Abstract 15522: Physician-Level Barriers to the Incorporation of Individualized Risk Estimates in Medical Decision Making: Man Versus Machine
Background: Bleeding and restenosis after percutaneous coronary intervention are both predictable and modifiable. However, evidence suggests that patients’ risk of bleeding or restenosis has little impact on clinical decision making. PRISM is a tool that generates and deploys individualized, validated risk estimates at the point of care. The present study sought to understand barriers to the use of risk estimates in interventional cardiologists’ (ICs) treatment decisions for patients undergoing percutaneous coronary intervention (PCI) from 8 U.S. hospitals where PRISM was recently implemented.

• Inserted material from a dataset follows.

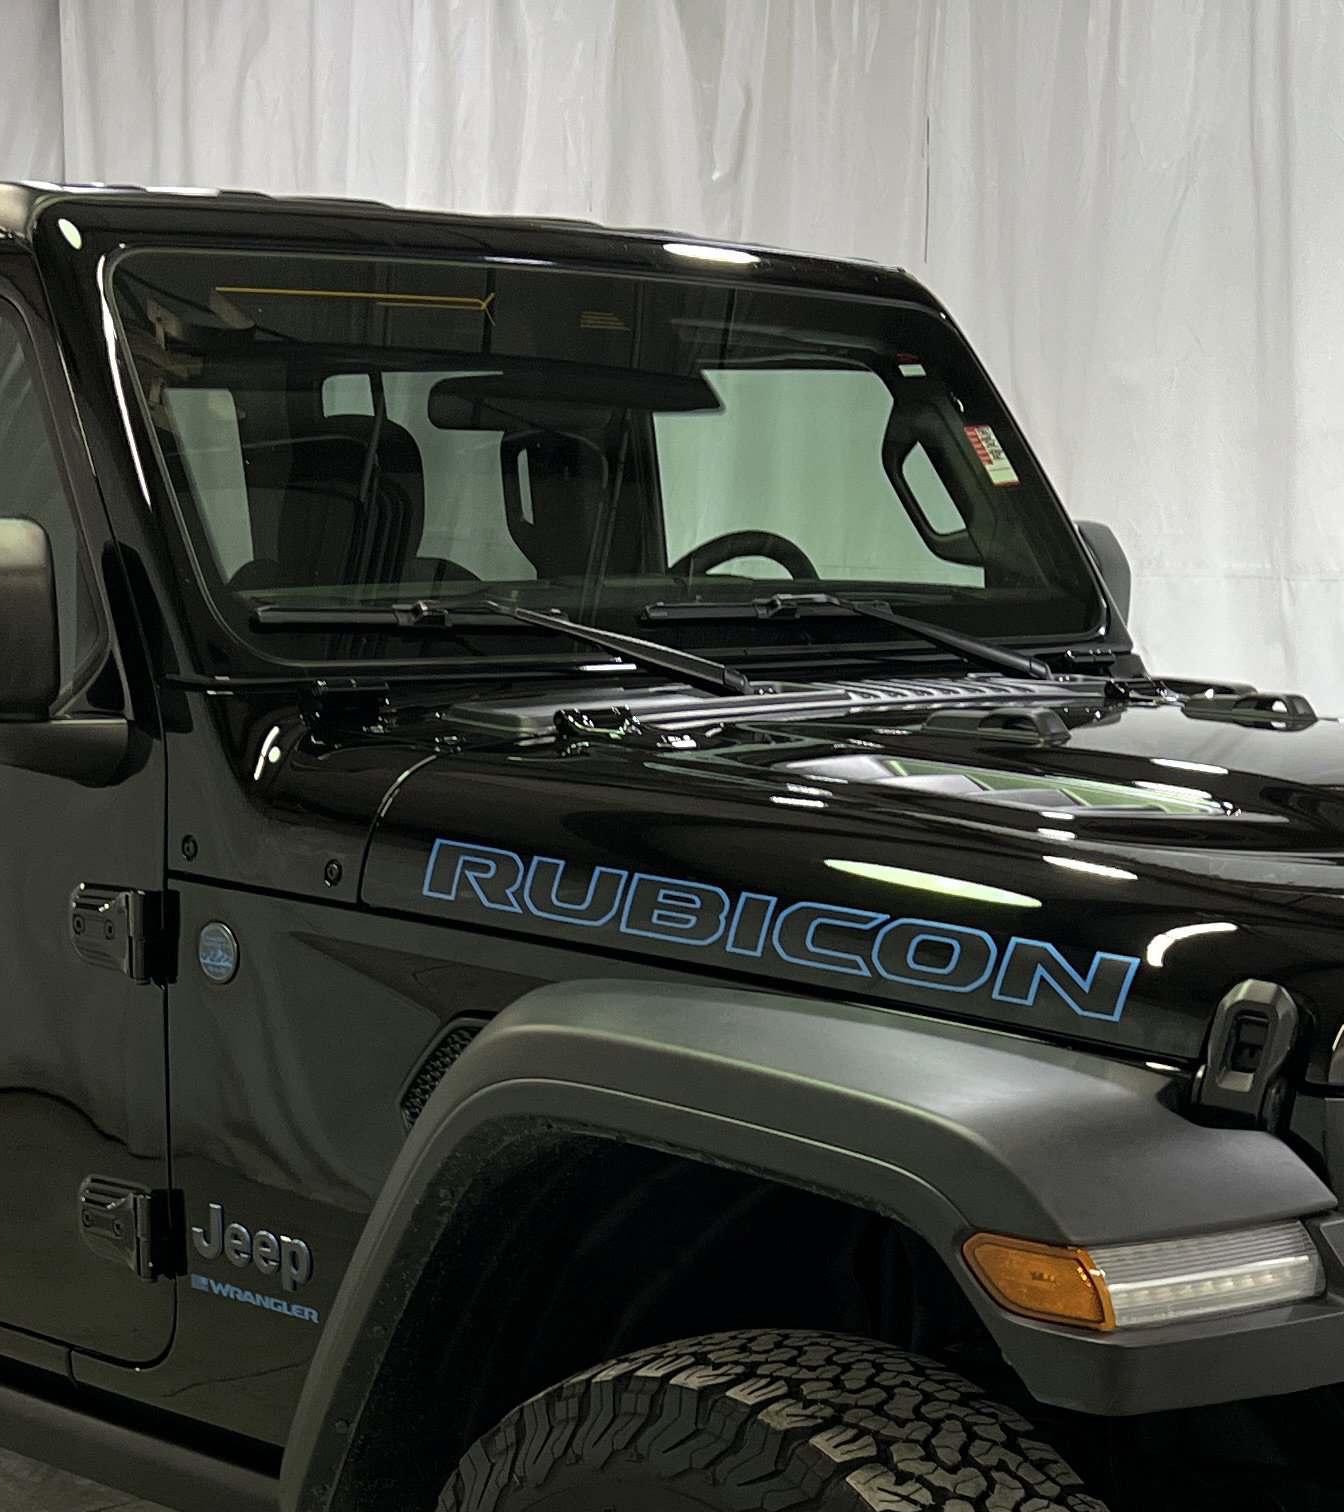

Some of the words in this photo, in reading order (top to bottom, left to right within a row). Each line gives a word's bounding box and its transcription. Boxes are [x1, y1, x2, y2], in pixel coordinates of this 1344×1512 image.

Methods: A multidisciplinary team conducted a qualitative descriptive study between July 2011 and Feb 2012. ICs were invited (n=57) and 27 interviewed either in-person (n=5) or via telephone (n=22). Three were IC fellows; 2 were female. The average years of interventional experience was 13 (0.5 - 30) years. All interviews were recorded (mean 26 min), transcribed verbatim and then were coded using descriptive content analyses until thematic saturation occurred.

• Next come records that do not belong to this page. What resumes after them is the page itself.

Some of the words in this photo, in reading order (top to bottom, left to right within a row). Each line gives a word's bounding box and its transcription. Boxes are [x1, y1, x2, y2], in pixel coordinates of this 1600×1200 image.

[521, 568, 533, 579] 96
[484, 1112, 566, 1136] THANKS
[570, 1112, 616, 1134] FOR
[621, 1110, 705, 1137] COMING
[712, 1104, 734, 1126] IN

Results: The majority of ICs were not apt to rely on PRISM as a physician decision making tool. For those who didn’t, a main theme was “man versus machine,” in that the IC relied on personal experience rather than the risk estimates generated by PRISM. Three subthemes also emerged: 1. Attribution to ego, “Some physicians think that they’ve been doing this for years and years and years and they don’t need someone else’s tool to help them explain to the patient what they think is important.” (IC#42-20; 24 years experience) 2. Judgments about competence, “These numbers are more clung to by the insecure or the inexperienced looking for justification of doing x rather than y.” (IC#44-23; 30 years experience) 3. Unrecognized value, “The typical phrase you hear from operators is that I already know that information. That information is already in my head.” (IC#04-06; 2 years experience)
Conclusion: ICs rely on subjective assessments, and their treatment decisions hinge on recall and experience, rather than objective risk estimates. Overcoming these barriers is necessary to integrate individualized risk estimates into medical decision making to provide safer, more evidence-based and more cost-effective care.
- © 2012 by American Heart Association, Inc.